Comment

It would be a mistake for the Tory Right to go with Suella Braverman

When irrationality and loathing were becoming serious threats to civil order, she was raising the temperature rather than lowering it

Suella Braverman leaves her home

Of course it was inevitable. Suella Braverman was so clearly defiant of Cabinet collective responsibility that she made it impossible for the Prime Minister, struggling to maintain his credibility, to keep her in office. But leaving the more squalid power struggle aside for a moment, let’s look at the substantive matter.

This is the heart of it: what the former home secretary was saying about the most dangerously contentious issue of the day was inherently – presumably deliberately – inflammatory. It may not have been factually incorrect to say that the police were taking too soft an approach to militant Palestinian activism. It was not necessarily wrong to suggest that the British people were being let down by the Government’s apparent failure to get to grips with a volatile minority in its midst.

What was unacceptable was that she framed these opinions in inflammatory terms which undermined the moral argument that might have been made against the “hate” she wanted to condemn. At a time when irrationality and loathing were becoming serious threats to civil order, she was raising the temperature rather than lowering it. What she advocated sounded more like recrimination and revenge than an attempt to bring reconciliation. 

Maybe you believe that at least some of the forces at large in these events are uninterested in reconciliation or rational argument, and that may be true. But a liberal democratic society cannot – must not – deal with such a phenomenon by discarding its own principles and standards of behaviour.
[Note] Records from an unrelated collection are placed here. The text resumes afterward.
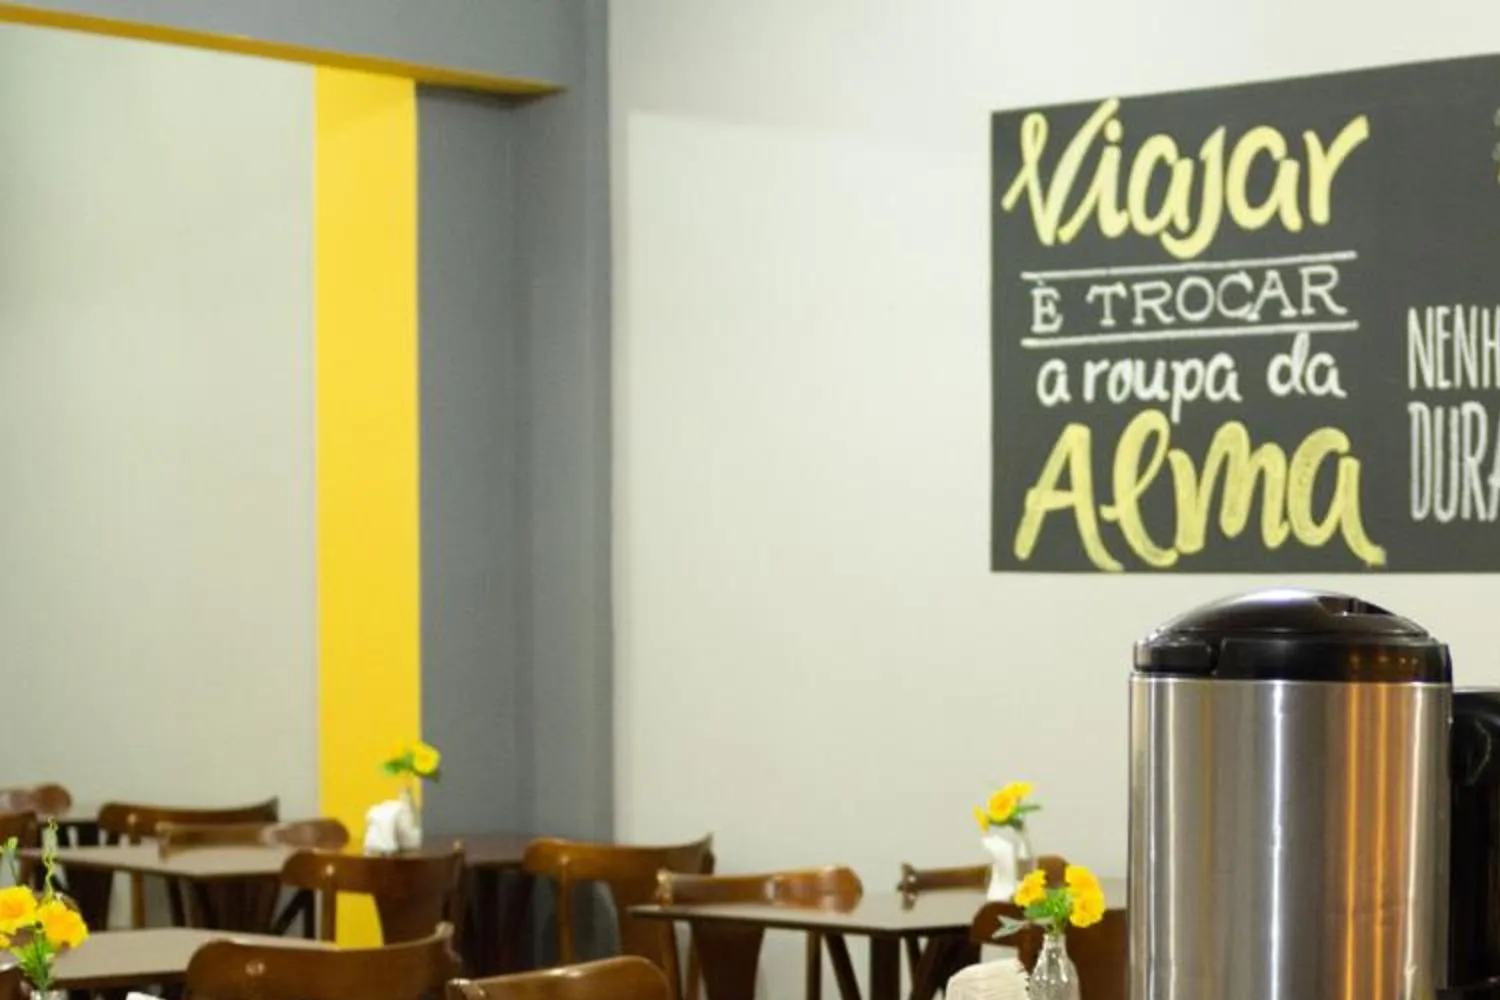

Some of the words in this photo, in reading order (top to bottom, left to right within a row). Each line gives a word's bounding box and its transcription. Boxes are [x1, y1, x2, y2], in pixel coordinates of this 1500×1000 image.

[1001, 96, 1370, 259] Viajar
[1086, 264, 1348, 326] TROCAR
[1036, 358, 1072, 407] a
[1083, 351, 1243, 424] roupa
[1266, 330, 1347, 400] da
[1014, 408, 1387, 574] Alma
Needless to say as a Jew, I am deeply affected by the virulent anti-Semitism that has been on display during the pro-Palestine demonstrations. But for the life of me I cannot see how labelling these events “hate marches” can possibly help to alleviate anyone’s anxiety or distress. If anything, it is likely to heighten fear in the Jewish community and alienation in the Muslim one. To put it bluntly, I do not want to be defended in these terms and I do not want the reasonable Muslims I know to believe that their relationship with this country is damaged beyond repair.
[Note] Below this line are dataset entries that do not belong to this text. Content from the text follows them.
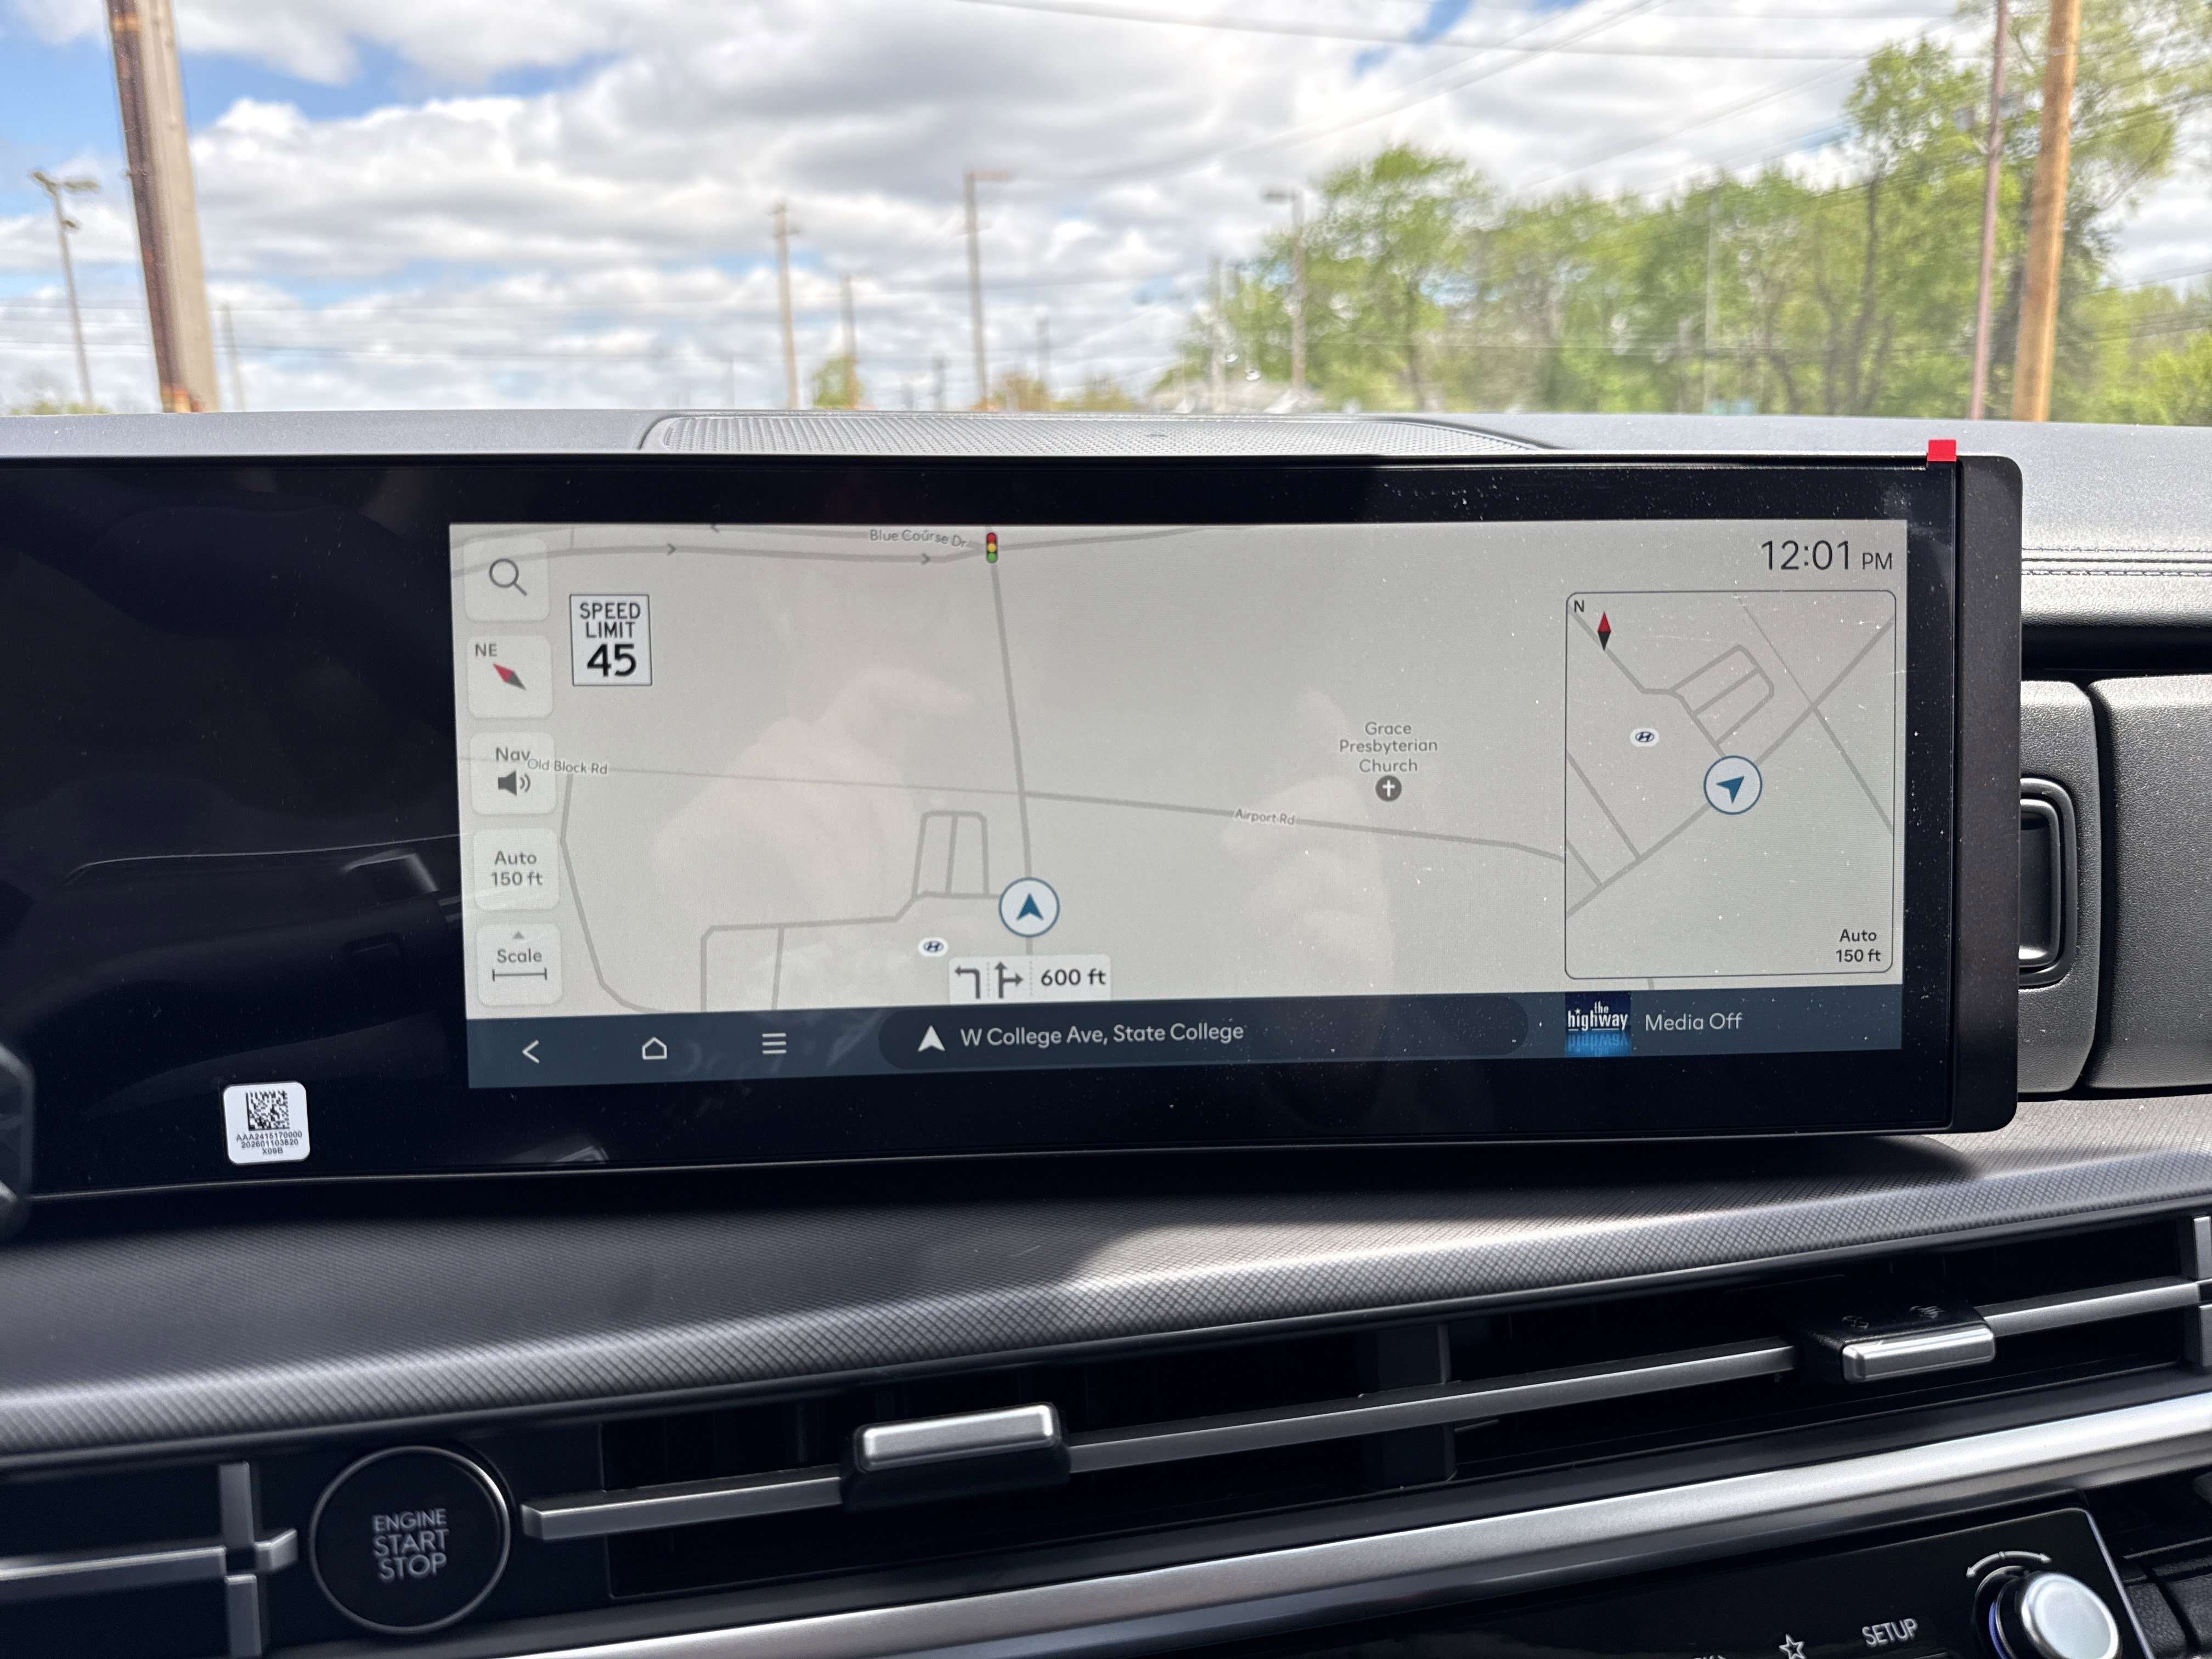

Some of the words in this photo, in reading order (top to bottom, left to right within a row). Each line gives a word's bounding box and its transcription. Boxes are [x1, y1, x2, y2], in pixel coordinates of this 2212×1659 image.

[870, 529, 899, 541] Blue
[901, 529, 949, 544] Course
[951, 534, 967, 548] Dr
[1761, 540, 1848, 571] 12:01
[1862, 552, 1892, 570] PM
[580, 602, 641, 620] SPEED
[1573, 600, 1585, 613] N
[585, 621, 636, 639] LIMIT
[475, 643, 497, 658] NE
[586, 643, 637, 677] 45
[1364, 721, 1412, 735] Grace
[495, 748, 531, 761] Nav
[1339, 738, 1438, 755] Presbyterian
[528, 758, 550, 771] Old
[554, 761, 588, 774] Block
[591, 763, 608, 775] Rd
[1359, 759, 1418, 773] Church
[1235, 808, 1277, 825] Airport
[1279, 813, 1296, 826] Rd
[494, 850, 537, 866] Auto
[491, 872, 523, 887] 150
[526, 871, 543, 886] ft
[1839, 928, 1877, 943] Auto
[496, 949, 543, 963] Scale
[1835, 949, 1864, 963] 150
[1867, 949, 1881, 963] ft
[1040, 968, 1081, 986] 600
[1088, 968, 1107, 986] ft
[1594, 1001, 1609, 1014] the
[1567, 1009, 1628, 1031] highway
[1645, 1013, 1704, 1031] Media
[1709, 1012, 1743, 1030] Off
[960, 1028, 982, 1047] W
[987, 1026, 1062, 1048] College
[1066, 1025, 1108, 1046] Ave,
[1113, 1024, 1166, 1043] State
[1170, 1022, 1245, 1045] College
[373, 1508, 448, 1533] ENGINE
[373, 1528, 450, 1558] START
[379, 1552, 447, 1583] STOP
[1861, 1618, 1918, 1647] SETUP
There is now much talk of Mrs Braverman becoming the heroine of the Tory Right and making use of this exit from government as a basis for a leadership bid. If this happens it will be profoundly misjudged. Being on the Right of the Conservative party ought to mean believing in free markets, small government and low taxation because that is the philosophy that ultimately results in the greatest opportunity, fairness (in the true sense of the word), and, ultimately, human happiness. It is the enemies of those ideas who try to portray the Right as hard-hearted, intolerant and indifferent to hardship.

So how could anyone in the top league of British politics not have realised that using the term “lifestyle choice” in connection with homelessness made you sound like Marie Antoinette? For the Tory Right to adopt this brand of leadership will not just put it out of touch with a huge swathe of the British electorate: much more important, it will discredit the political and economic policies which should be its true mission.